In the cell below, use the appropriate method to check the data type of each column.

# Your code here

Now, investigate some of the unique values inside of the list_price column.

# Your code here

Numerical Data Stored as Strings

A common issue to check for at this stage is numeric columns that have accidentally been encoded as strings. For example, you should notice that the list_price column above is currently formatted as a string and contains a proceeding '$'. Remove this and convert the remaining number to a float so that you can later model this value. After all, your primary task is to generate model to predict the price.

Note: While the data spans a multitude of countries, assume for now that all prices have been standardized to USD.

# Your code here

Detecting and Dealing With Null Values

Next, it's time to check for null values. How to deal with the null values will be determined by the columns containing them, and how many null values exist in each.

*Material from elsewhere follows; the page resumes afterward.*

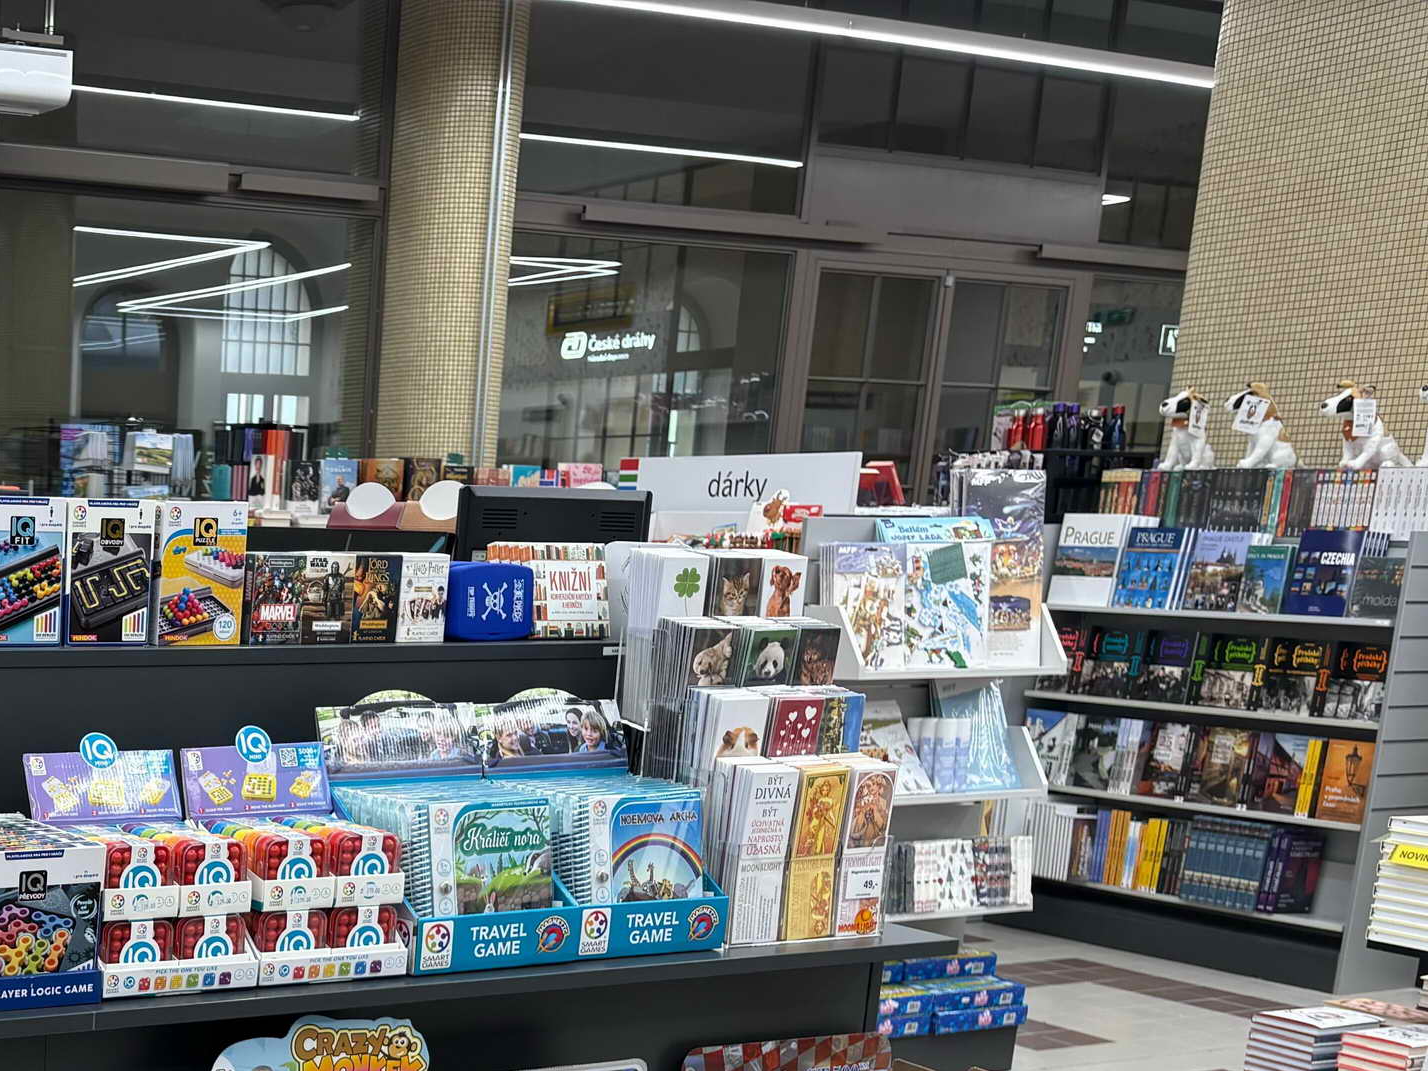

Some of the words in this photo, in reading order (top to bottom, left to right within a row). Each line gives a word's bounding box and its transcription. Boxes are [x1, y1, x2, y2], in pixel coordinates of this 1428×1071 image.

In the cell below, get a count of how many null values exist in each column in the DataFrame.

# Your code here

Now, get some descriptive statistics for each of the columns. You want to see where the minimum and maximum values lie.

# Your code here

Now that you have a bit more of a understanding of each of these features you can make an informed decision about the best strategy for dealing with the various null values.

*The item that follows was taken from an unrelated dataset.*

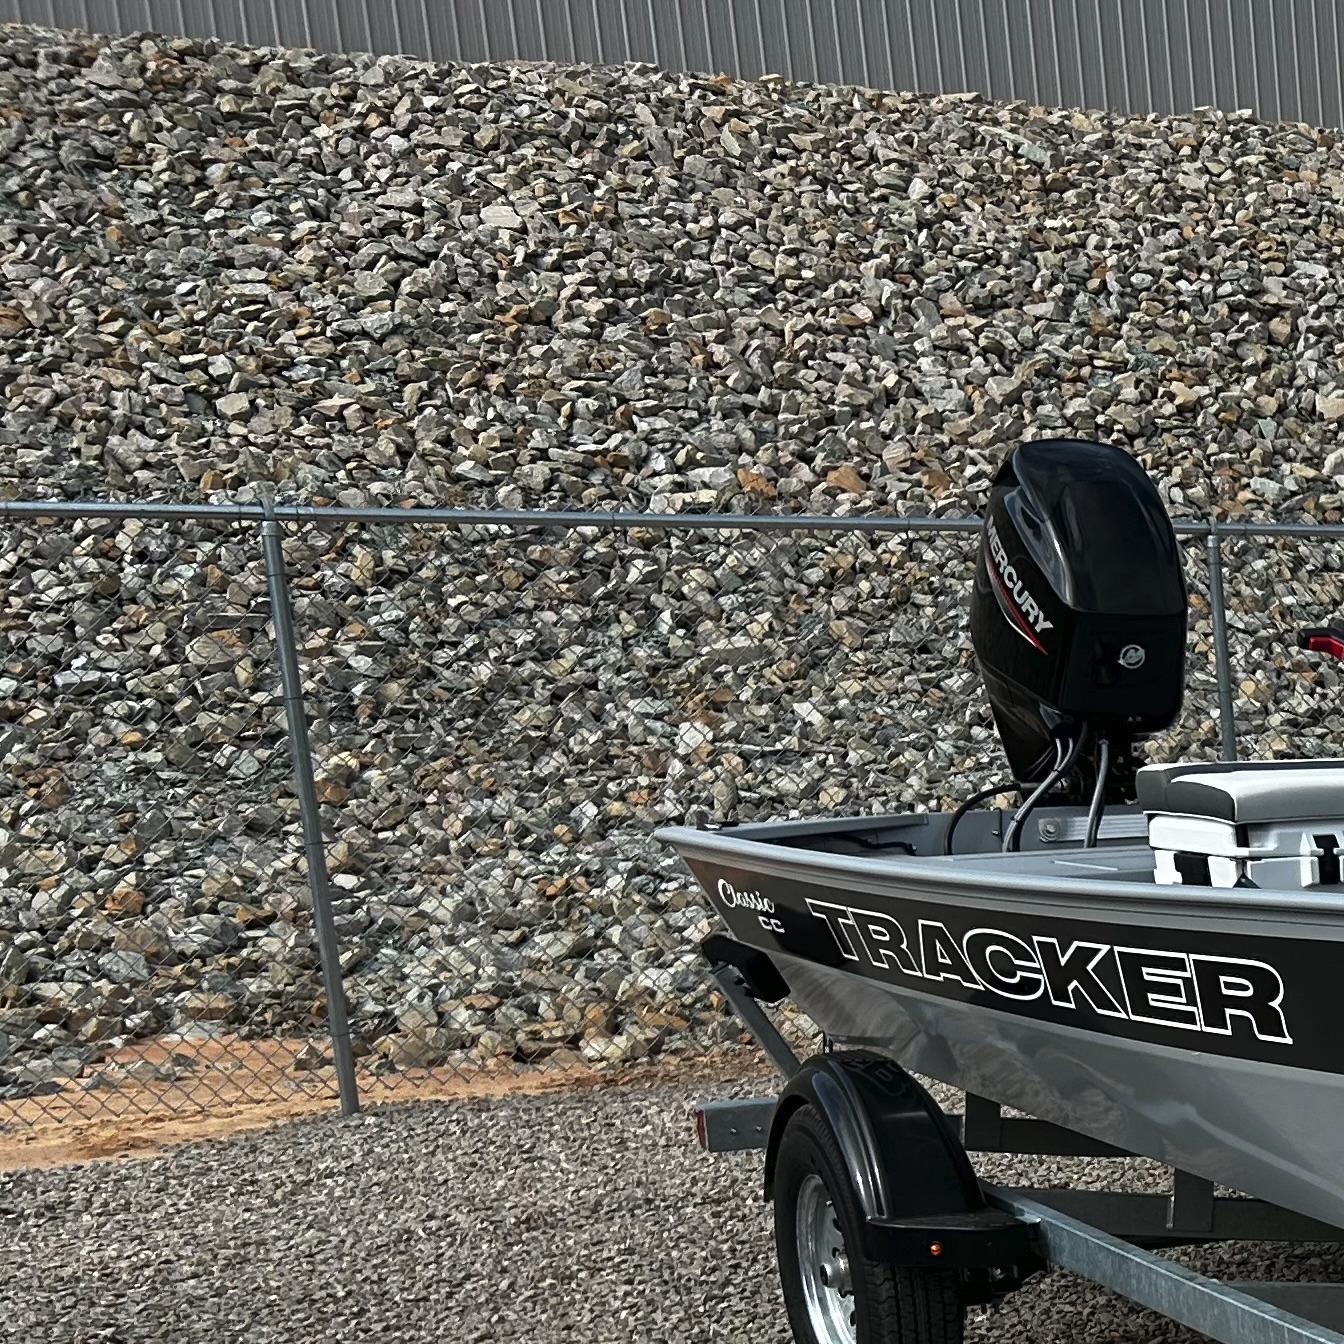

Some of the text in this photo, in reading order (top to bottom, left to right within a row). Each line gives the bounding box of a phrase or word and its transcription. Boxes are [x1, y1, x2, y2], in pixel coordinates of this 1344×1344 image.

Some common strategies for filling null values include:

  • Using the mean of the feature
  • Using the median of the feature
  • Inserting a random value from a normal distribution with the mean and std of the feature
  • Binning

Given that most of the features with null values concern user reviews of the lego set, it is reasonable to wonder whether there is strong correlation between these features in the first place. Before proceeding, take a minute to investigate this hypothesis.

# Investigate whether multicollinearity exists between the review features 
# (num_reviews, play_star_rating, star_rating, val_star_rating)

Note that there is substantial correlation between the play_star_rating, star_rating and val_star_rating. While this could lead to multicollinearity in your eventual regression model, it is too early to clearly determine this at this point. Remember that multicollinearity is a relationship between 3 or more variables while correlation simply investigates the relationship between two variables.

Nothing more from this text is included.